Answer calls with Trenitalia’s voice :S

Welcome, dear reader, to the new episode of: “quick hacks”, where we show off hacks you can pull off yourself in less than 24 hours.

Abandon all hope of code quality, organized results, or deep understanding of what’s going on: this is just the fastest way I found to get what I wanted. Similar in spirit to a ctf writeup, more or less.

backstory

So it all started by taking a lot of italian trains during my studies, where I did back-and-forth between Italy and Switzerland basically every month. And when travelling with italian trains there are two things that really cannot go unnoticed:

soul-crushing delays
the voice that crushes your soul announcing those delays.

I’m pretty sure whoever set foot on a Trenitalia station knows perfectly what I’m talking about. For who doesn’t, here’s a great example of why this automatic voice is so iconic:

hooked and challenged

A few years ago I used to live in a flat nicknamed the “Cyberhaus” as me and my roommate where both into security and hacking and we frequently hosted our ctf team while playing during weekends. Our walls were decorated with e-zines such as Poc||GTFO or Paged Out (when will they release the next issue?); our laptops were full of stickers; and we frequently had very… interesting guests.

Well one day one of my roommate friends calls us to show some of his last phone-hacking exploits. Apart from the usual things like Caller ID spoofing, creating conference calls, and so on, one particular thing really impressed me. He spoke through the phone using exactly trenitalia’s voice.

This really hit me deep: such a cool hack. I was amazed that phone-hacking (phracking) still existed and was possible. The fact that this guy had a very mysterious vibe around him convinced me that this was a particularly elaborate hack, and I brushed it off as something I would need to spend months on to figure out and reproduce it.

Around one week later, I forgot about the whole thing.

our crime is that of curiosity

Yeah, that’s what they say.
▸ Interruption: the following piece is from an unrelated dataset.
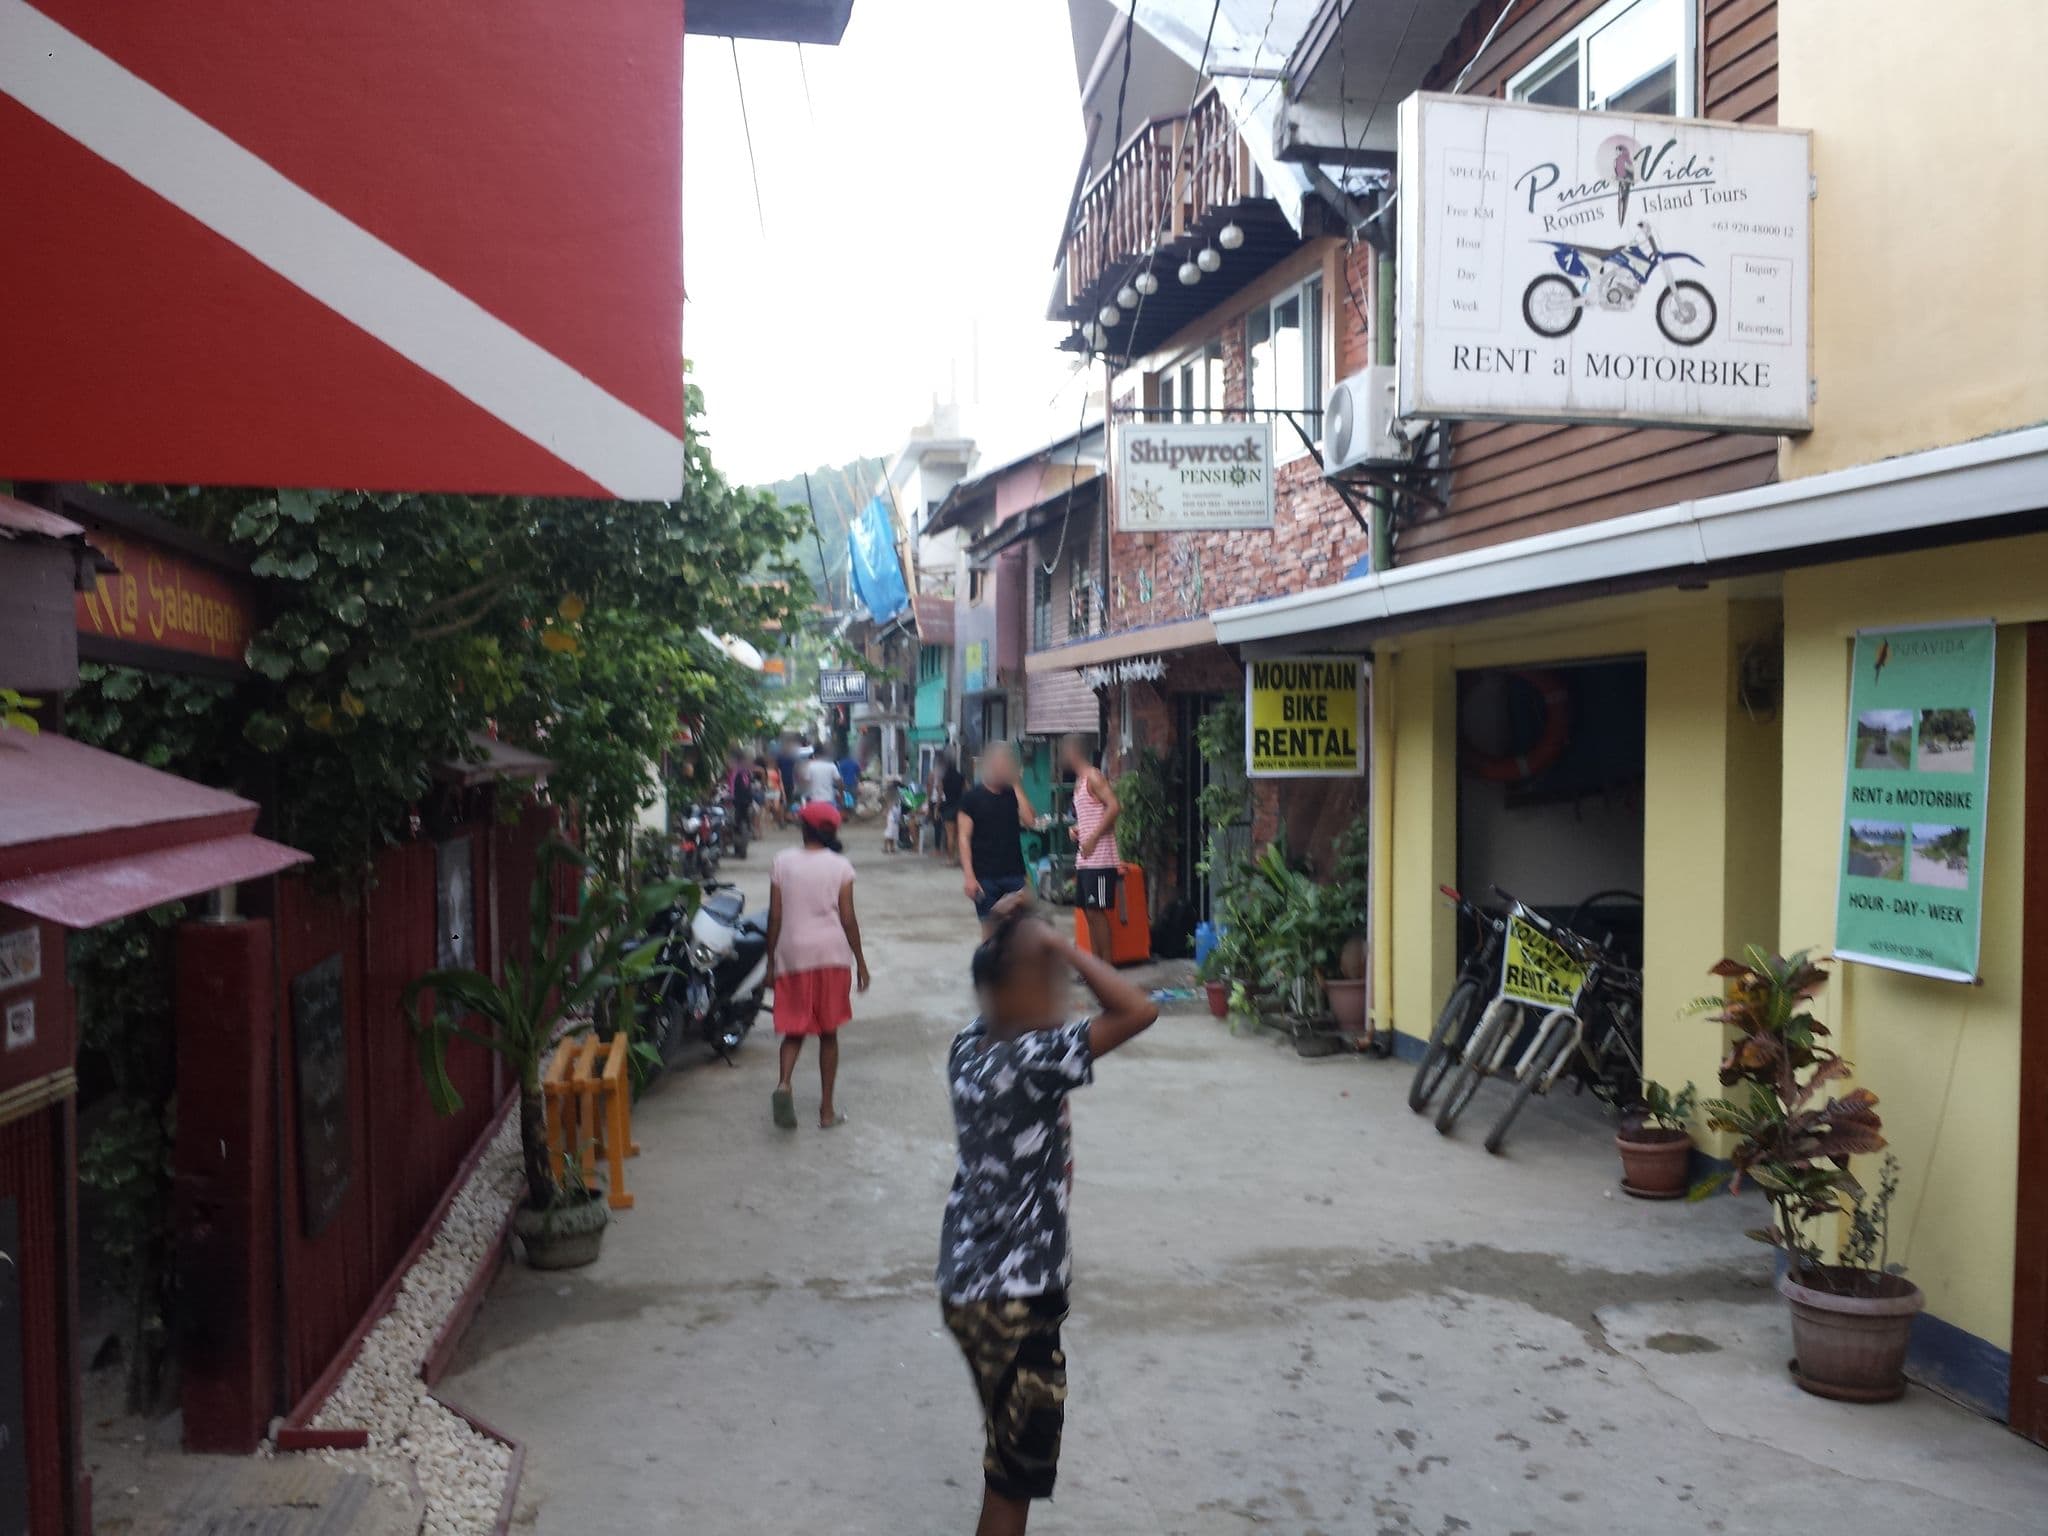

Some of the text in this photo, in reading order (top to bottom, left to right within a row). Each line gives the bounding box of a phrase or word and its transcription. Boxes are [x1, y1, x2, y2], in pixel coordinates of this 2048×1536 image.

In this case I’m a very late criminal, as it took me 2 years to jump into the rabbit hole. It was during a hacker camp (MCH 22), where I got hooked in playing with this beautiful machine they had:

Long story short, by working as a voluntary for the POC (phone operation center) and operating this machine for a whole morning, I learnt the basics of SIP and phone protocols; I remembered about my roommate’s friend and suddenly I got the urge to investigate if we could pull off the same trenitalia’s cool phrack to see if we could make some prank calls using this amazing machine.

This was perfect because I had a friend who recently started working at Trenitalia, and he would be the perfect victim. When I talked about this with some of my friends at the camp, everyone got excited and decided to help me in this ordeal; significant credit goes to @neopt, @goeoe, @null and also to @neon.

However, the catch was that the camp was going to end in about 24 hours; could we pull it off?

VoIP any%

Let’s start by first received a call on your laptop, and answering with some simple music. We want to achieve the effect of a company business landline that gives you the dreaded waiting music for when you are in a queue to a callcenter.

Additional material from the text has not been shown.